SRS plans require high delivery accuracy due to the small volumes and steep dose gradients involved. The accuracy of both TPS calculation and treatment delivery are verified by a pre-treatment measurement with a detector array: a time consuming process. The SunCHECK Patient platform offers an independent 3D dose calculation module (DoseCHECK) and EPID based measurement for pre-treatment verification (PerFRACTION).  The aim was to establish if DoseCHECK and PerFRACTION are sufficiently sensitive to detect clinically significant errors in SRS HyperArc plans and thereby replace array verification.

Material and Methods

Six previously treated, single lesion, SRS HyperArc patient plans were selected, covering a range of PTV volumes (1.2 - 15.3 cc), fraction doses (8 - 20Gy) and beam energies (6MV and 10FFF). Deliberate errors were written into treatment DICOM plan files to simulate potential corruption in the planning process and plan delivery errors. Plans were exported to MATLAB to introduce MLC errors into one leaf bank to simulate patient plan corruption. Six erroneous plans were created for each patient:

•    central MLC leaf retracted by 1.0 mm and 2.0 mm;
•    central five MLC leaves retracted by 0.5 mm and 1.0 mm
•    all MLC leaves retracted by 0.5 mm and 1.0 mm.

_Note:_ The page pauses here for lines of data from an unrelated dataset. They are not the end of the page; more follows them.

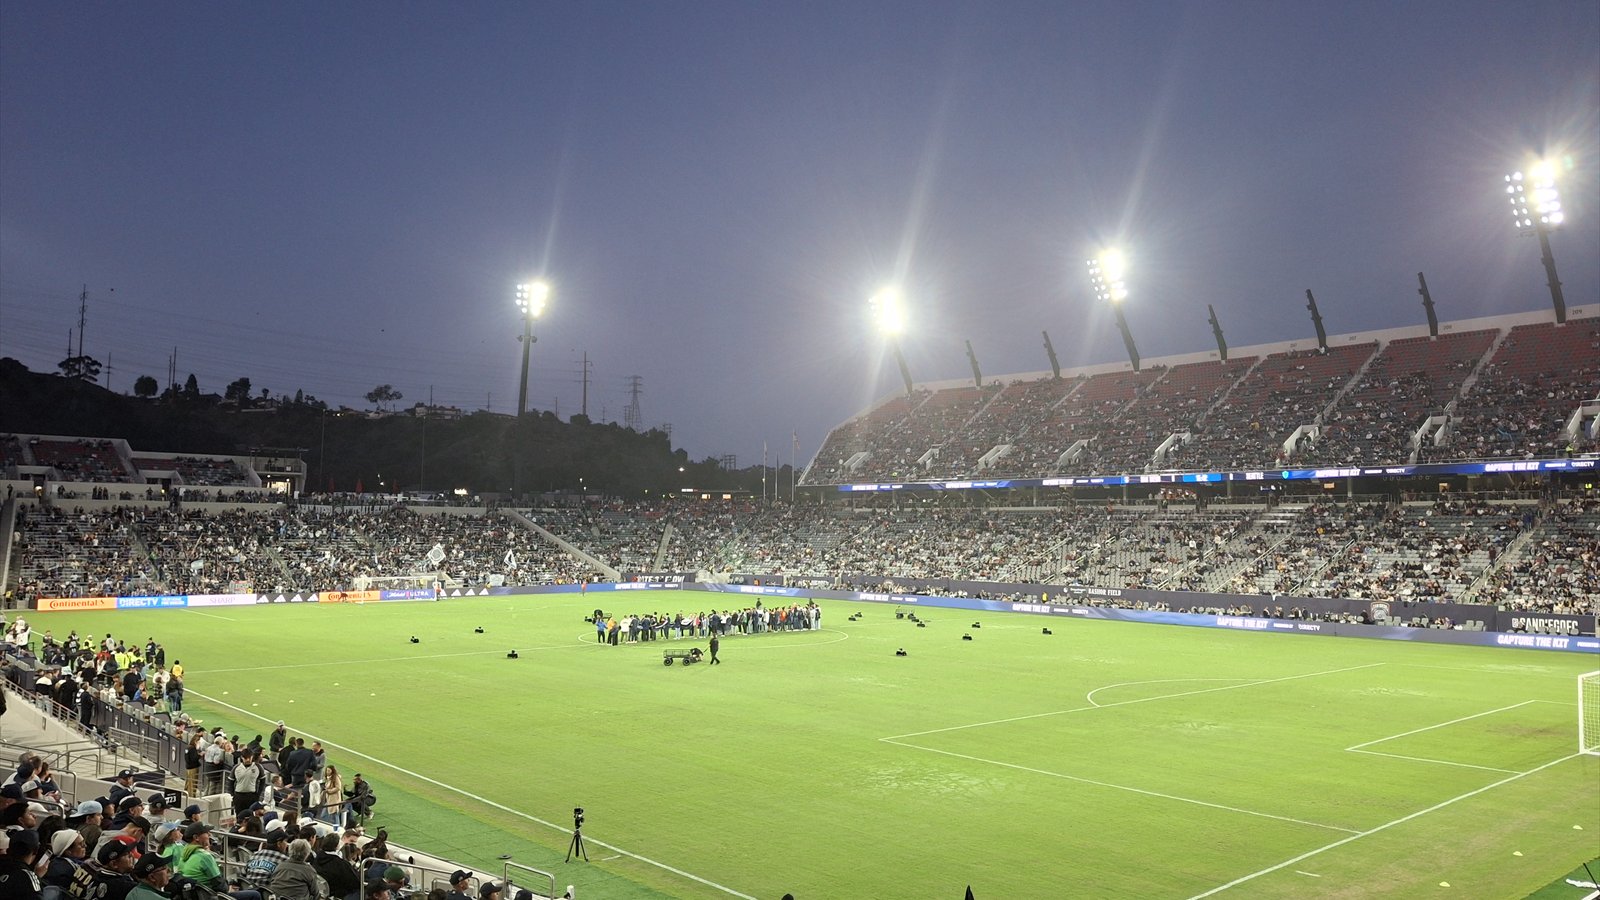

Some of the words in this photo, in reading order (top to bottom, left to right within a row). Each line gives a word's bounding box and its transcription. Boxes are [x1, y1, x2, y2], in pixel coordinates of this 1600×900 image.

[49, 600, 98, 609] Continental
[119, 598, 159, 607] DIRECTV
[1519, 617, 1578, 633] SANDEGOFC
[1497, 634, 1534, 647] CAPTURE
[1536, 637, 1551, 647] THE
[1552, 638, 1569, 649] KIT
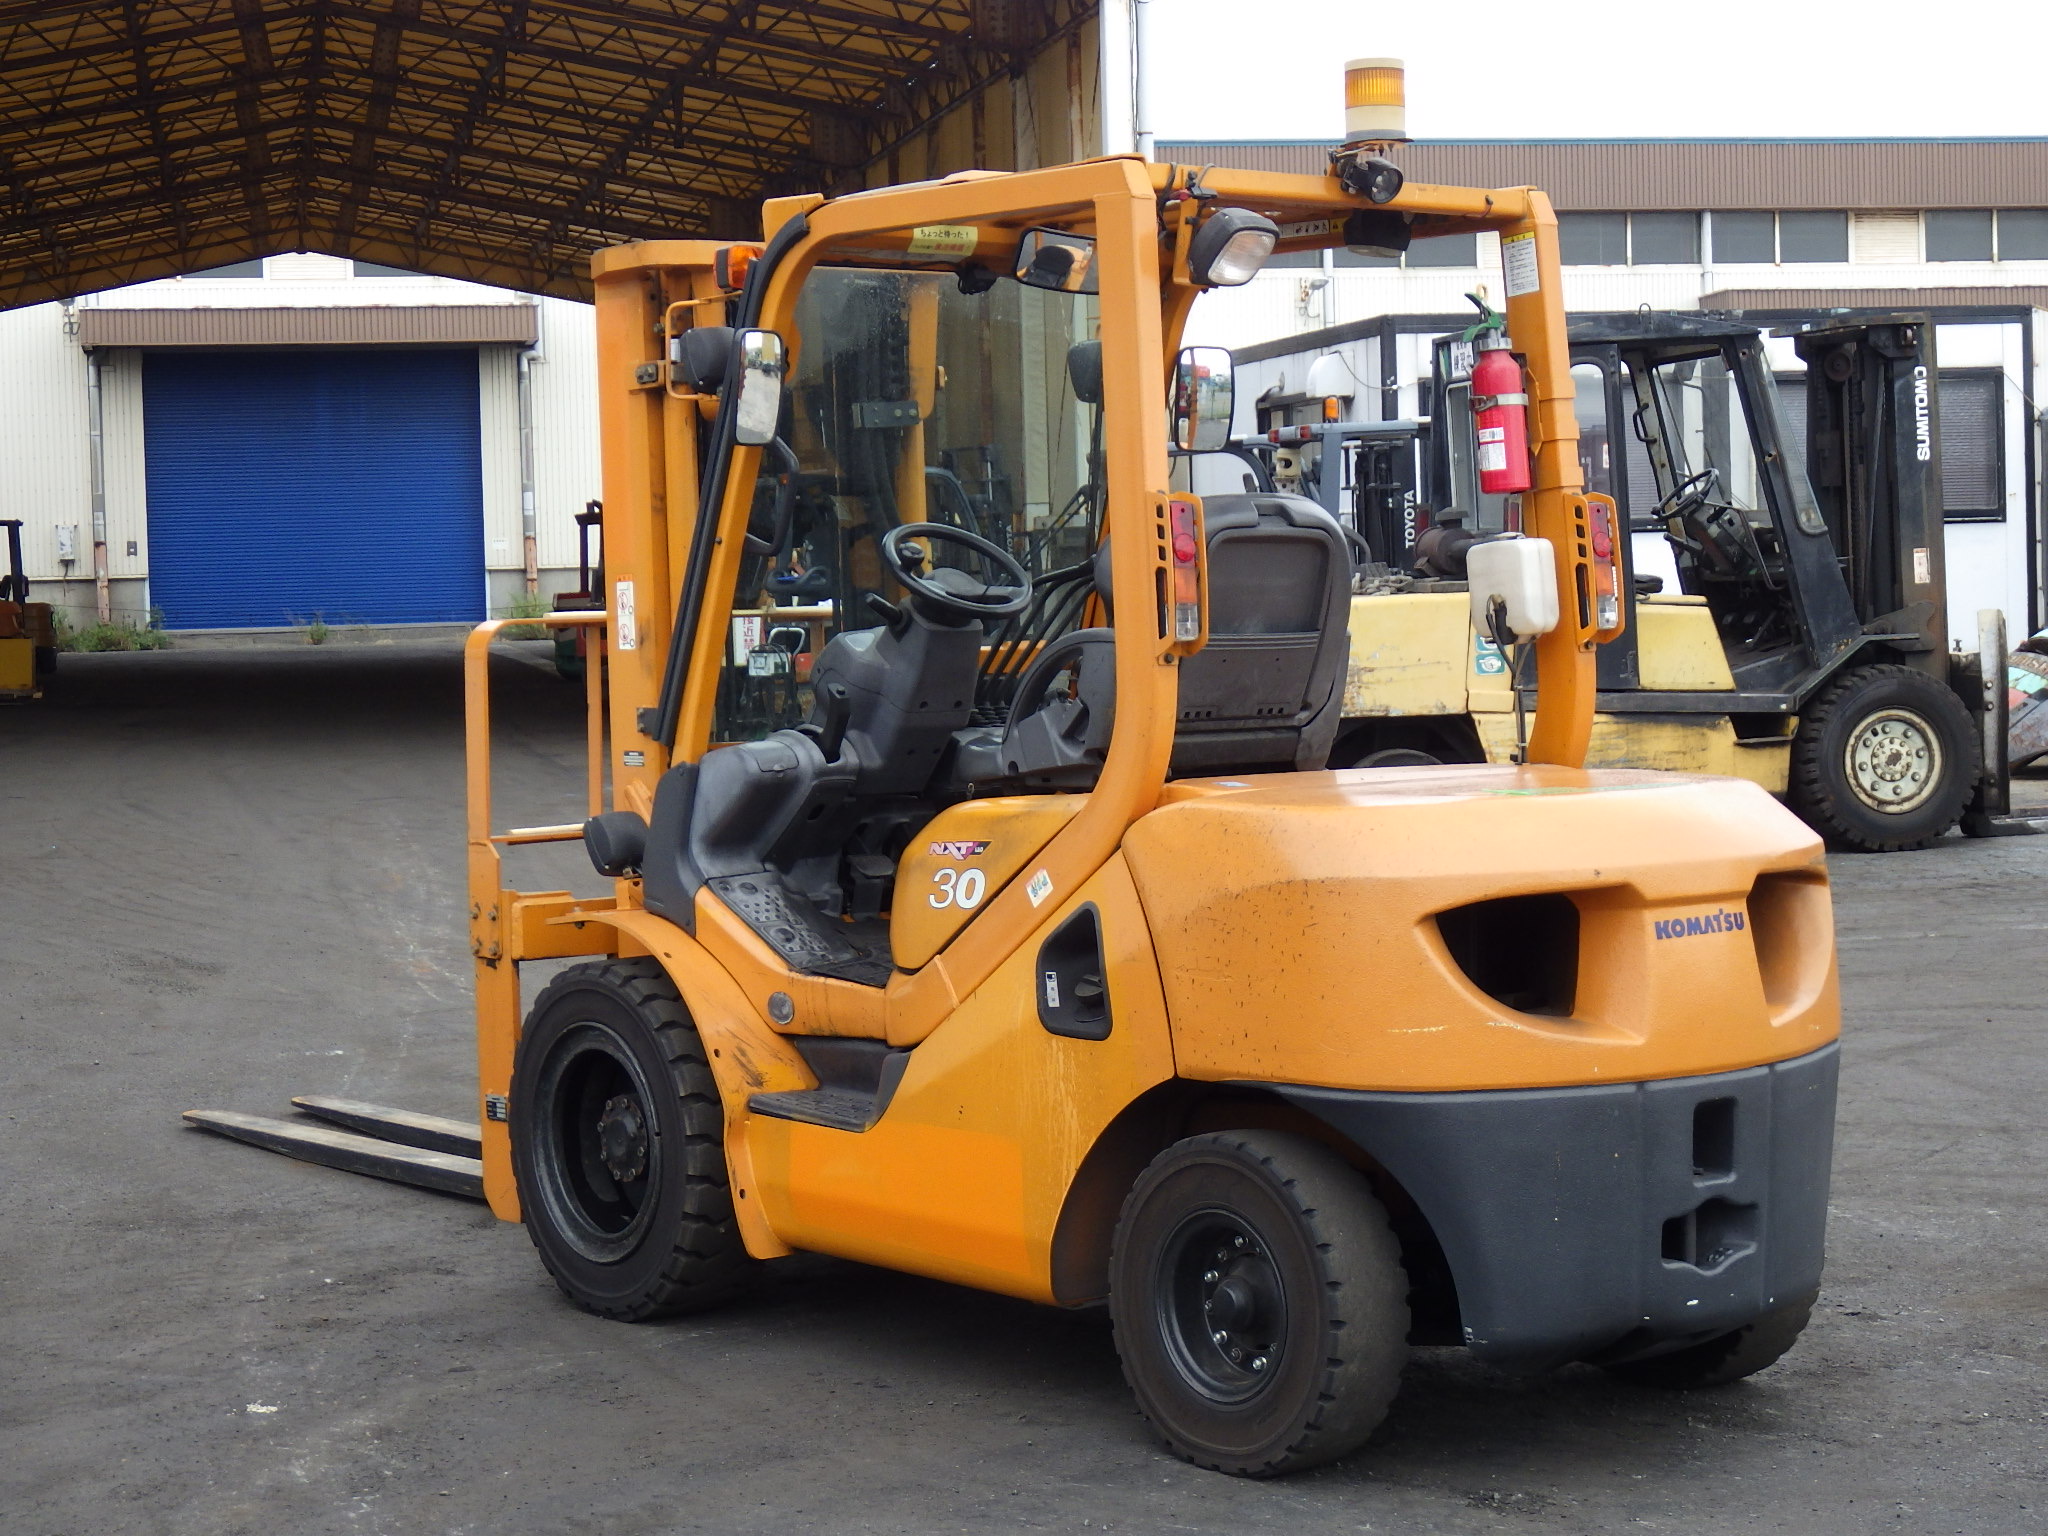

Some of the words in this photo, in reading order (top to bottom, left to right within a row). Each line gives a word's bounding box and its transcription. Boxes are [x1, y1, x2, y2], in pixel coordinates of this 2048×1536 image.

[1914, 366, 1931, 461] SUMITOMO
[1404, 489, 1416, 549] TOYOTA
[928, 841, 974, 861] NXT
[929, 868, 987, 909] 30
[1654, 908, 1745, 941] KOMATSU

The modified plan files were sent to SunCHECK (with their original dose, structure set and CT files). DoseCHECK compared its dose calculation on the corrupted plan file(s) with the original TPS dose. PerFRACTION compared its corrupted plan dose calculation with measured EPID dose from the original plan. Plans were reported as a pass or fail using local gamma analysis parameters: 5% dose difference, 1mm DTA, 30% threshold, 95% pass rate.

Results


Table 1: DoseCHECK (DC) and PerFRACTION (PF) results: ✗represents a fail and ✓represents a pass.

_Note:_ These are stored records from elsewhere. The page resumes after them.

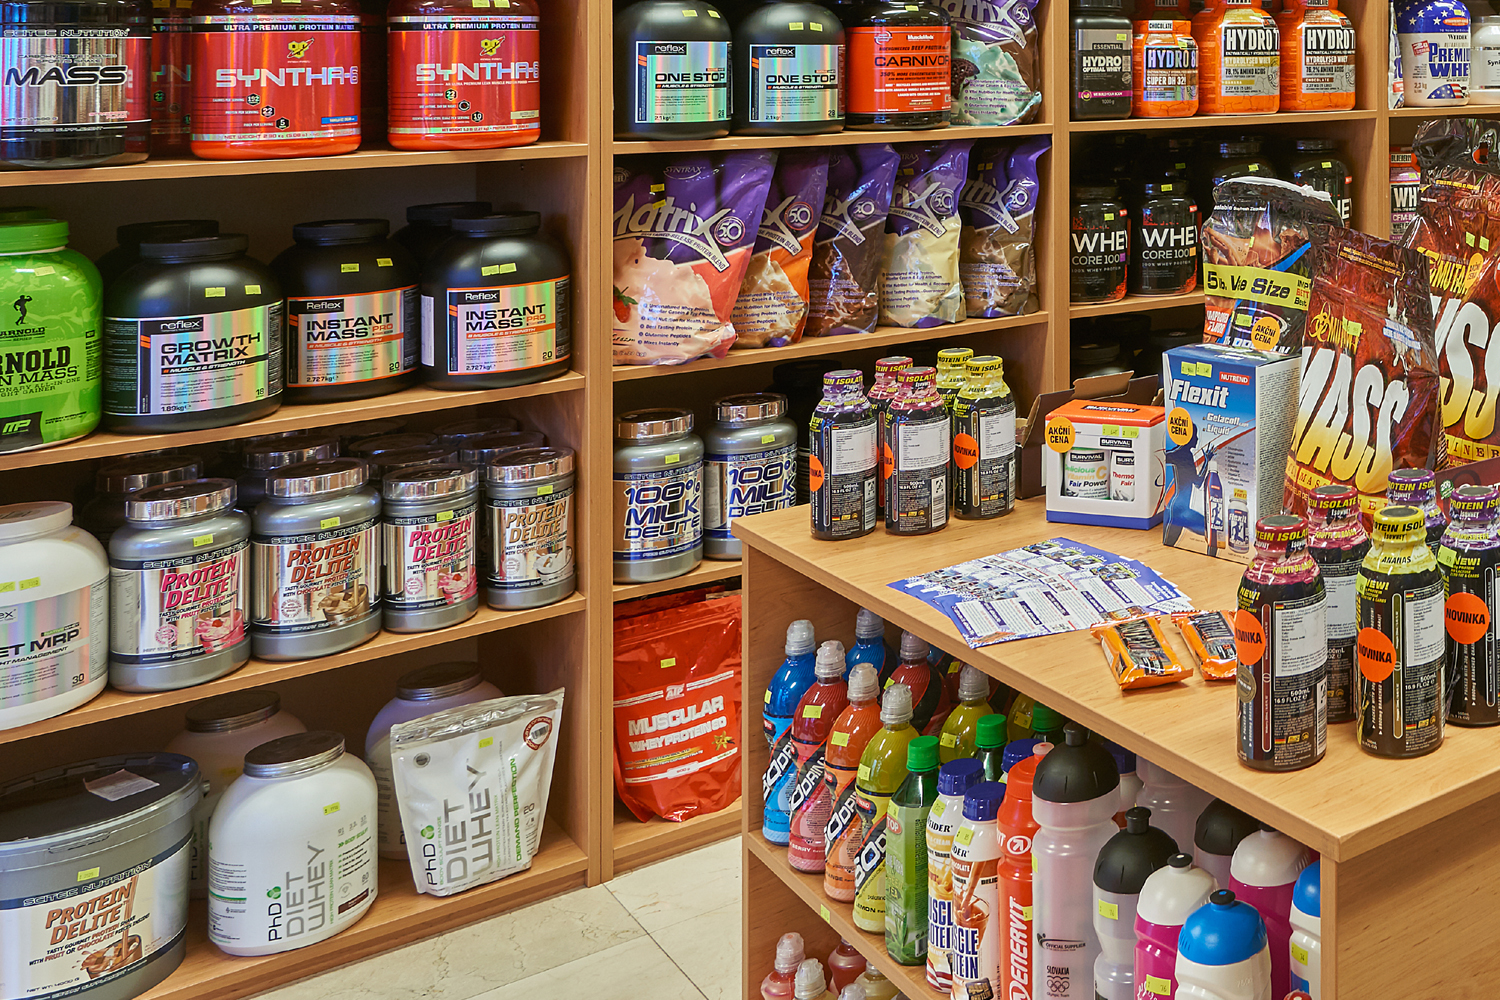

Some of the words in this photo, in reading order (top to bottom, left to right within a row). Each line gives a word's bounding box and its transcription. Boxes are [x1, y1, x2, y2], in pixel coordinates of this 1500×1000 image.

[1149, 22, 1173, 30] CHOCOLATE
[1227, 29, 1270, 50] HYDRO
[1307, 29, 1349, 50] HYDRO
[655, 45, 685, 55] reflex
[766, 47, 795, 57] reflex
[1082, 56, 1121, 68] HYDRO
[5, 65, 128, 88] MASS
[655, 72, 691, 83] ONE
[693, 72, 726, 83] STOP
[766, 75, 799, 84] ONE
[802, 75, 836, 84] STOP
[1072, 256, 1102, 265] CORE
[1104, 254, 1120, 264] 100
[1142, 250, 1172, 260] CORE
[1175, 248, 1189, 258] 100
[465, 291, 498, 302] Reflex
[1251, 278, 1290, 299] Size
[306, 301, 342, 312] Reflex
[465, 304, 547, 322] INSTANT
[160, 319, 202, 332] reflex
[306, 313, 394, 333] INSTANT
[465, 317, 524, 333] MASS
[306, 327, 369, 342] MASS
[1255, 327, 1276, 337] AKČNÍ
[1255, 335, 1271, 345] CENA
[160, 332, 260, 355] GROWTH
[160, 345, 249, 367] MATRIX
[1220, 373, 1248, 384] NUTREND
[1170, 379, 1229, 409] Flexit
[1170, 417, 1190, 428] AKČNÍ
[1048, 426, 1071, 437] AKČNÍ
[1050, 435, 1069, 445] CENA
[1171, 426, 1188, 437] CENA
[1101, 438, 1131, 447] SURVIVAL
[1071, 453, 1104, 461] SURVIVAL
[1113, 471, 1134, 480] Thermo
[729, 478, 796, 504] MILK
[505, 501, 568, 530] PROTEIN
[626, 497, 700, 528] MILK
[408, 517, 473, 546] PROTEIN
[508, 520, 563, 545] DELITE
[286, 537, 361, 568] PROTEIN
[412, 538, 470, 564] DELITE
[1382, 556, 1412, 564] ANANAS
[160, 556, 238, 593] PROTEIN
[290, 560, 355, 585] DELITE
[166, 579, 231, 611] DELITE
[628, 695, 725, 736] MUSCULAR
[442, 798, 469, 887] DIET
[45, 883, 133, 932] PROTEIN
[285, 870, 306, 939] DIET
[49, 908, 123, 946] DELITE
[267, 904, 284, 943] PhD
[1046, 966, 1070, 976] SLOVAKIA

For all six plans DoseCHECK produced a failure when the central five leaves were changed by 1.0mm. PerFRACTION analysis of EPID measurements produced a failure for all six patients when a single leaf was displaced by 2mm, and when 5 leaves were changed by 1.0mm. Four out of six patient plans failed with a leaf error of only 0.5mm. 31/36 of all generated error plans failed DoseCHECK, PerFRACTION or both, demonstrating that used together they have a high degree of sensitivity for detecting errors.

Conclusion

DoseCHECK and PerFRACTION modules of SunCHECK Patient are highly sensitive at detecting MLC positional errors introduced into SRS plans, demonstrating that errors in TPS calculations and machine delivery can be detected at the pre-treatment stage. PerFRACTION can be safely implemented for SRS patient specific QC, replacing time consuming phantom measurements and thus reducing staff and machine clinical workload.